── INPUT FOR THIS TASK

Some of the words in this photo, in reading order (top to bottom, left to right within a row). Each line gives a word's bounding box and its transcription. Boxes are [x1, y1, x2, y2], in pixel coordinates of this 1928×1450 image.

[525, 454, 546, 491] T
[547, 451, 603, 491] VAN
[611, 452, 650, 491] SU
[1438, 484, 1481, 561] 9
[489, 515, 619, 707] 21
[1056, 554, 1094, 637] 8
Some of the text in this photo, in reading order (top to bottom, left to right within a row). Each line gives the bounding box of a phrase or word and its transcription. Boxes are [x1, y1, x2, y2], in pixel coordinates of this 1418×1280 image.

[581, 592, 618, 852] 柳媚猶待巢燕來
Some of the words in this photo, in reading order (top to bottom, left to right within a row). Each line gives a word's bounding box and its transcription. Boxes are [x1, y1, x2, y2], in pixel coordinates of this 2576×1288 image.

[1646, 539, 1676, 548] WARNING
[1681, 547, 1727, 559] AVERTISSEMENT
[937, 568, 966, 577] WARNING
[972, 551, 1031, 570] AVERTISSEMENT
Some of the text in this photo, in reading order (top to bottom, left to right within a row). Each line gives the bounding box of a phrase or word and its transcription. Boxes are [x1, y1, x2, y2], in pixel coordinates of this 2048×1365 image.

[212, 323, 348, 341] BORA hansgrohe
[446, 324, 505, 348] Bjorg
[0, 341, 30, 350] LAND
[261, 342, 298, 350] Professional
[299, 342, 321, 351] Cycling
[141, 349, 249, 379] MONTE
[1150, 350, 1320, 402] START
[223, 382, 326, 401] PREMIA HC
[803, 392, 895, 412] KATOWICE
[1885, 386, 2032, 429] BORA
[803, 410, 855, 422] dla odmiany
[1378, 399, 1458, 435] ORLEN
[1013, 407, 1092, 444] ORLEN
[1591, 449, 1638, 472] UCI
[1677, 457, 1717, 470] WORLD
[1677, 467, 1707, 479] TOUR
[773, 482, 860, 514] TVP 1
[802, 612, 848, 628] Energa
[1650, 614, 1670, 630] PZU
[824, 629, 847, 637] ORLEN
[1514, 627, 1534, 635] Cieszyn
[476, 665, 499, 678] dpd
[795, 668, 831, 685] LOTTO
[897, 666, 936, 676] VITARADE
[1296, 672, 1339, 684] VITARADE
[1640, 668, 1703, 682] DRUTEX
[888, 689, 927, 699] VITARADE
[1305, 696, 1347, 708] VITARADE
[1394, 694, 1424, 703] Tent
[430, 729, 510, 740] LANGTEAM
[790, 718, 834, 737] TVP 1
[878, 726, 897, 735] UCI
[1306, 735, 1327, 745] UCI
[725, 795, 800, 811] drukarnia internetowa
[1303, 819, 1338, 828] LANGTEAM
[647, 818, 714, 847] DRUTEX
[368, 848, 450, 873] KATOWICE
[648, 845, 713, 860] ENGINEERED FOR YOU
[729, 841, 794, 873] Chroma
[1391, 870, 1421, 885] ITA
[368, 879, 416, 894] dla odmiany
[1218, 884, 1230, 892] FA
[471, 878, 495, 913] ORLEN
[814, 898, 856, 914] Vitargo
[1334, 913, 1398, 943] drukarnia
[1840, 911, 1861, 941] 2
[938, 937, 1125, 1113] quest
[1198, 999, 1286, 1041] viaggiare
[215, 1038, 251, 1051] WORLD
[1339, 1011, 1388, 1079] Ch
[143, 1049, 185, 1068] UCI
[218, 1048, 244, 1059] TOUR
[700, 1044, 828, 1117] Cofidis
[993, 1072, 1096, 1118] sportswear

────

**EXERCISE BRIEF**
Reprint every entry exactly.

**ANSWER SPACE**
Some of the words in this photo, in reading order (top to bottom, left to right within a row). Each line gives a word's bounding box and its transcription. Boxes are [x1, y1, x2, y2], in pixel coordinates of this 1928×1450 image.

[525, 454, 546, 491] T
[547, 451, 603, 491] VAN
[611, 452, 650, 491] SU
[1438, 484, 1481, 561] 9
[489, 515, 619, 707] 21
[1056, 554, 1094, 637] 8
Some of the text in this photo, in reading order (top to bottom, left to right within a row). Each line gives the bounding box of a phrase or word and its transcription. Boxes are [x1, y1, x2, y2], in pixel coordinates of this 1418×1280 image.

[581, 592, 618, 852] 柳媚猶待巢燕來
Some of the words in this photo, in reading order (top to bottom, left to right within a row). Each line gives a word's bounding box and its transcription. Boxes are [x1, y1, x2, y2], in pixel coordinates of this 2576×1288 image.

[1646, 539, 1676, 548] WARNING
[1681, 547, 1727, 559] AVERTISSEMENT
[937, 568, 966, 577] WARNING
[972, 551, 1031, 570] AVERTISSEMENT
Some of the text in this photo, in reading order (top to bottom, left to right within a row). Each line gives the bounding box of a phrase or word and its transcription. Boxes are [x1, y1, x2, y2], in pixel coordinates of this 2048×1365 image.

[212, 323, 348, 341] BORA hansgrohe
[446, 324, 505, 348] Bjorg
[0, 341, 30, 350] LAND
[261, 342, 298, 350] Professional
[299, 342, 321, 351] Cycling
[141, 349, 249, 379] MONTE
[1150, 350, 1320, 402] START
[223, 382, 326, 401] PREMIA HC
[803, 392, 895, 412] KATOWICE
[1885, 386, 2032, 429] BORA
[803, 410, 855, 422] dla odmiany
[1378, 399, 1458, 435] ORLEN
[1013, 407, 1092, 444] ORLEN
[1591, 449, 1638, 472] UCI
[1677, 457, 1717, 470] WORLD
[1677, 467, 1707, 479] TOUR
[773, 482, 860, 514] TVP 1
[802, 612, 848, 628] Energa
[1650, 614, 1670, 630] PZU
[824, 629, 847, 637] ORLEN
[1514, 627, 1534, 635] Cieszyn
[476, 665, 499, 678] dpd
[795, 668, 831, 685] LOTTO
[897, 666, 936, 676] VITARADE
[1296, 672, 1339, 684] VITARADE
[1640, 668, 1703, 682] DRUTEX
[888, 689, 927, 699] VITARADE
[1305, 696, 1347, 708] VITARADE
[1394, 694, 1424, 703] Tent
[430, 729, 510, 740] LANGTEAM
[790, 718, 834, 737] TVP 1
[878, 726, 897, 735] UCI
[1306, 735, 1327, 745] UCI
[725, 795, 800, 811] drukarnia internetowa
[1303, 819, 1338, 828] LANGTEAM
[647, 818, 714, 847] DRUTEX
[368, 848, 450, 873] KATOWICE
[648, 845, 713, 860] ENGINEERED FOR YOU
[729, 841, 794, 873] Chroma
[1391, 870, 1421, 885] ITA
[368, 879, 416, 894] dla odmiany
[1218, 884, 1230, 892] FA
[471, 878, 495, 913] ORLEN
[814, 898, 856, 914] Vitargo
[1334, 913, 1398, 943] drukarnia
[1840, 911, 1861, 941] 2
[938, 937, 1125, 1113] quest
[1198, 999, 1286, 1041] viaggiare
[215, 1038, 251, 1051] WORLD
[1339, 1011, 1388, 1079] Ch
[143, 1049, 185, 1068] UCI
[218, 1048, 244, 1059] TOUR
[700, 1044, 828, 1117] Cofidis
[993, 1072, 1096, 1118] sportswear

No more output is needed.